Born Gloria Kannenberg on October 10, 1933, in Wausau, Wisconsin, she was the daughter of a vocalist mother and a father active in politics. She displayed musical aptitude from childhood, performing songs on the radio at an early age, yet she also turned to composition while still young, claiming victory in a National Federation of Music Clubs contest during her early teens. She completed undergraduate work at Cooper Union in New York with a concentration in music. Composer Alexander Tcherepnin exerted a strong influence after she met him in 1952; she studied privately with him and subsequently enrolled in his summer courses at the Salzburg Mozarteum. In 1959 she married attorney Francis Coates.

She earned a master’s degree at the University of Louisiana in Baton Rouge. For a time she worked in New York and Chicago as a singer, actor, director, writer, and visual artist while taking postgraduate classes at Columbia University with Otto Luening and Jack Beeson. In 1969 she relocated to Munich with her young daughter to pursue vocal studies, but a serious skiing accident in 1971 curtailed that plan and prompted her to devote herself fully to composition thereafter; she nonetheless developed a lasting attachment to Germany and remained there for most of the rest of her life.

She launched a German-American contemporary music series in Munich in 1973 and directed it until 1981. The programs brought a substantial quantity of American music to West Germany, where such works had previously been uncommon. She also obtained performances outside the series; her composition Music for Open Strings, also known as Symphony No. 1, was presented at the Warsaw Autumn Festival in 1978, becoming one of the few contemporary American pieces heard in the former East Bloc countries under Communist governance. She was named a finalist in the Koussevitsky Competition for composers in 1986.

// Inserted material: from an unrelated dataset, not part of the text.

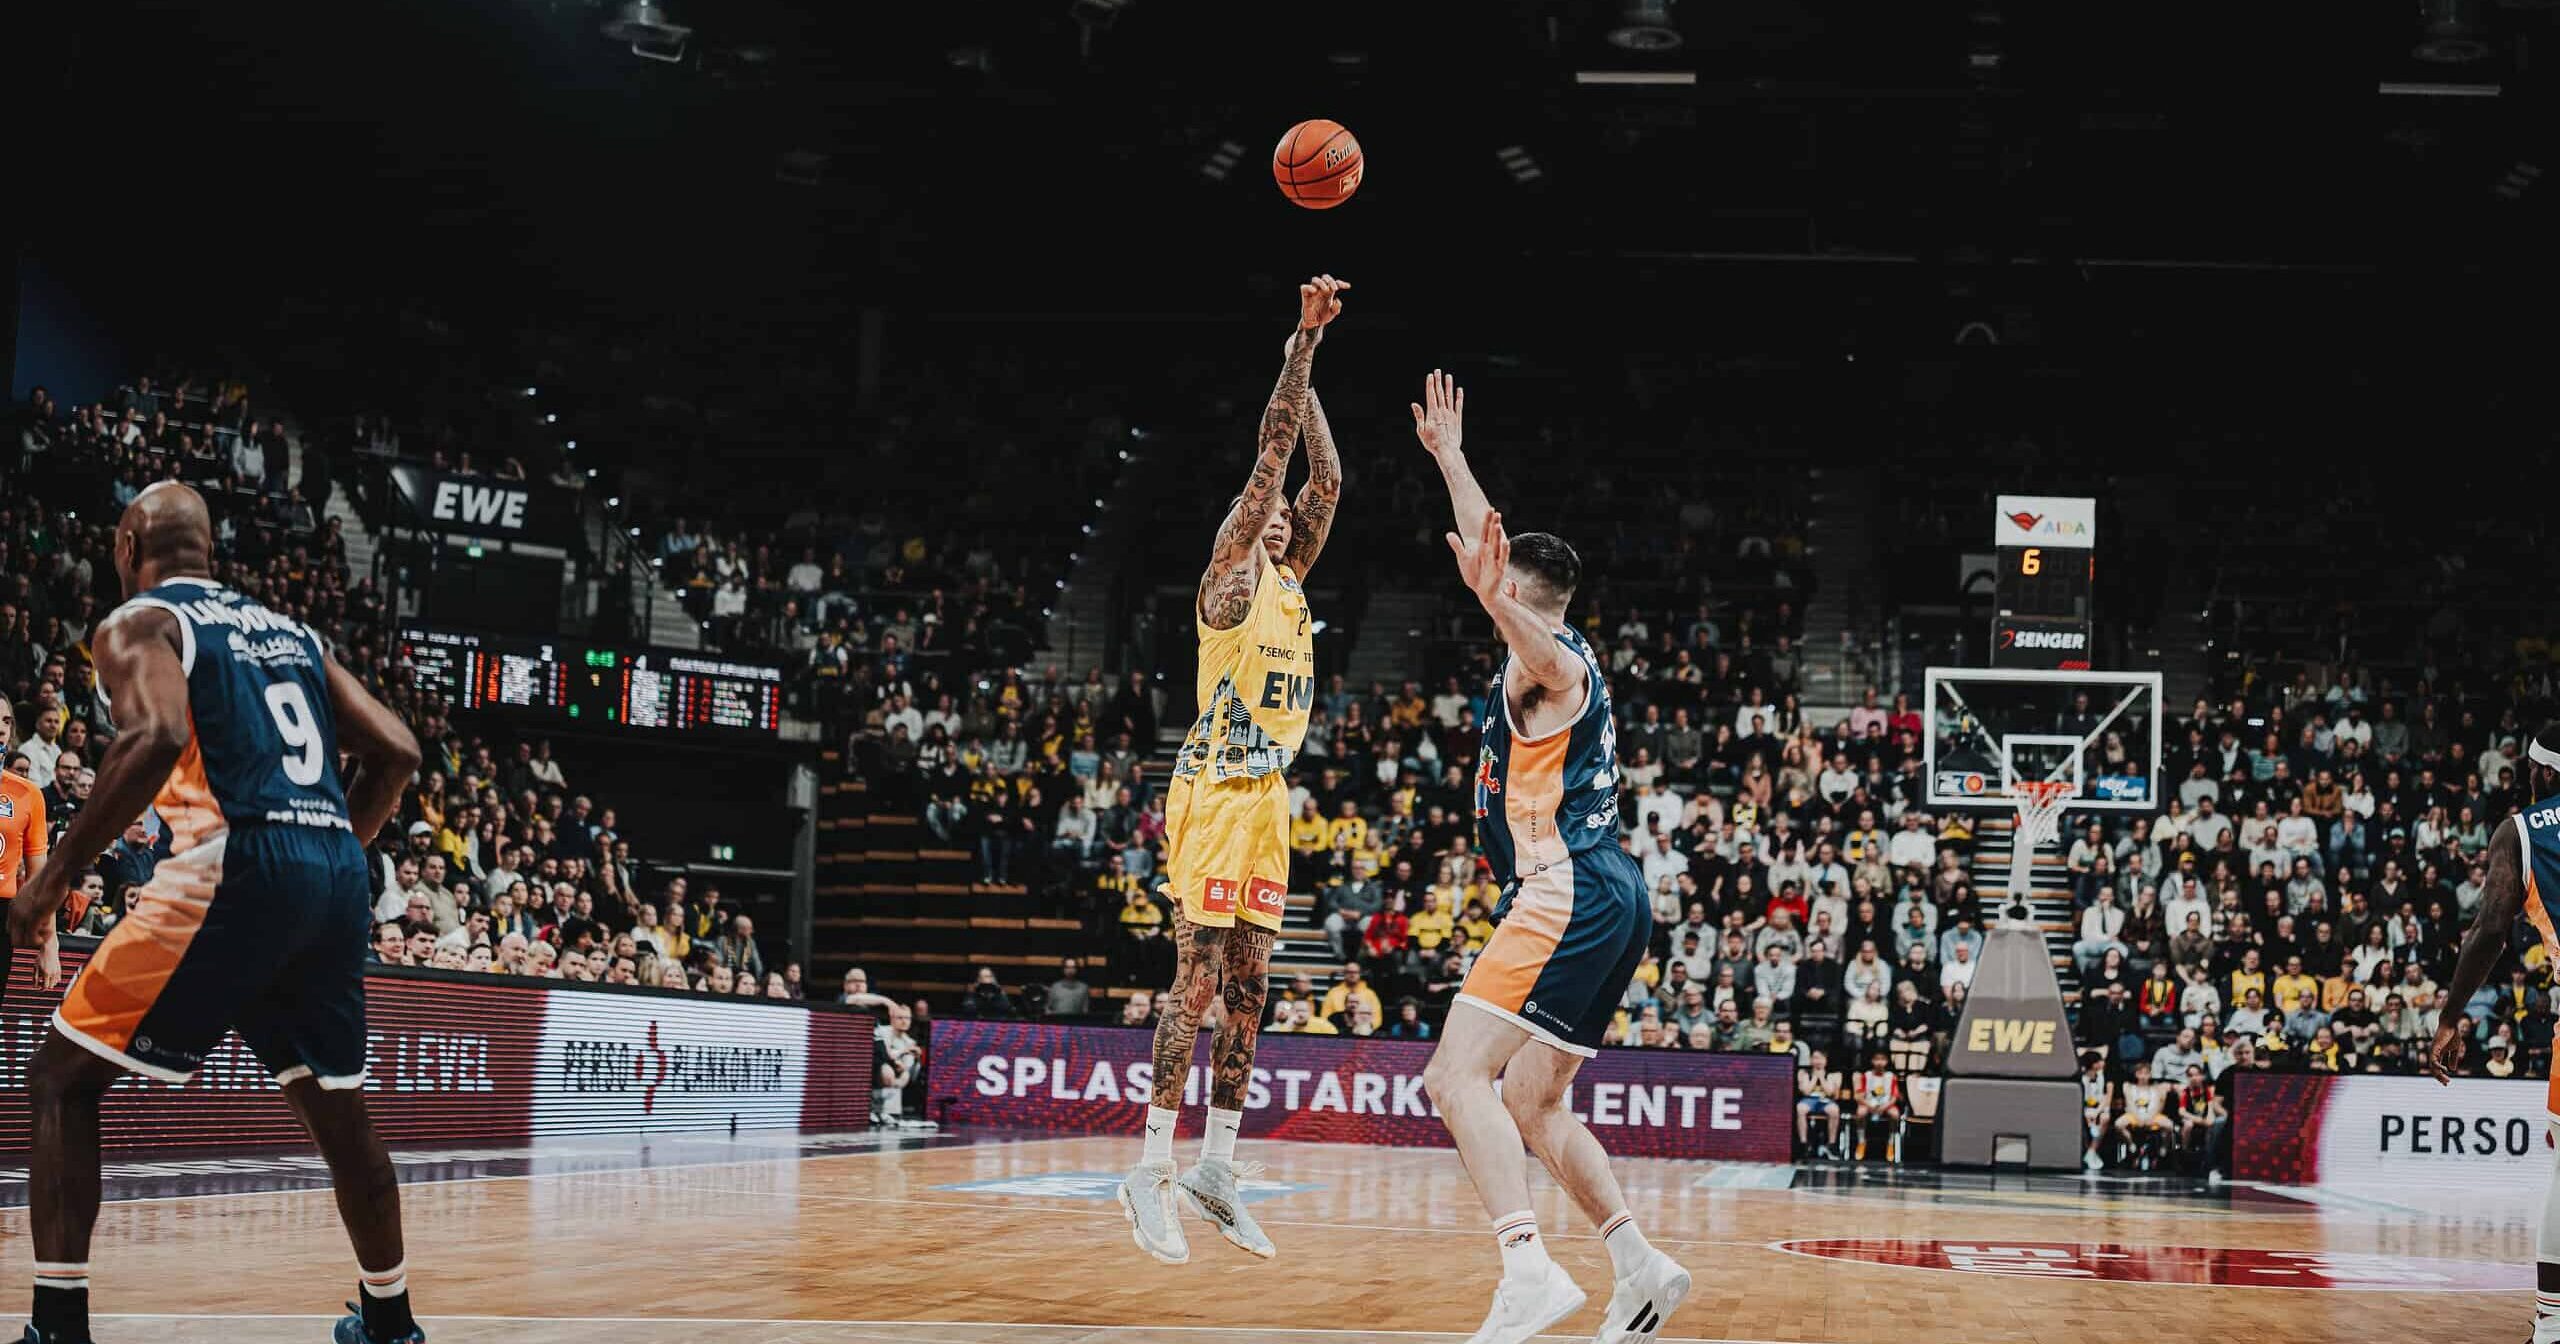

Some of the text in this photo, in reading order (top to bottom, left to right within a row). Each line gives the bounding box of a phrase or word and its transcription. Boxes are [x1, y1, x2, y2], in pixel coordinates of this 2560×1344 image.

Her catalogue proved extensive, comprising 16 symphonies, 11 string quartets, further orchestral scores, and several song cycles. By the mid-2020s approximately 45 of her works had appeared on recordings, among them many of the symphonies and string quartets. She returned to the United States on a part-time basis during the 1990s, delivering lectures at Harvard University, Brown University, Boston University, and the University of Wisconsin. She died in Munich on August 19, 2023.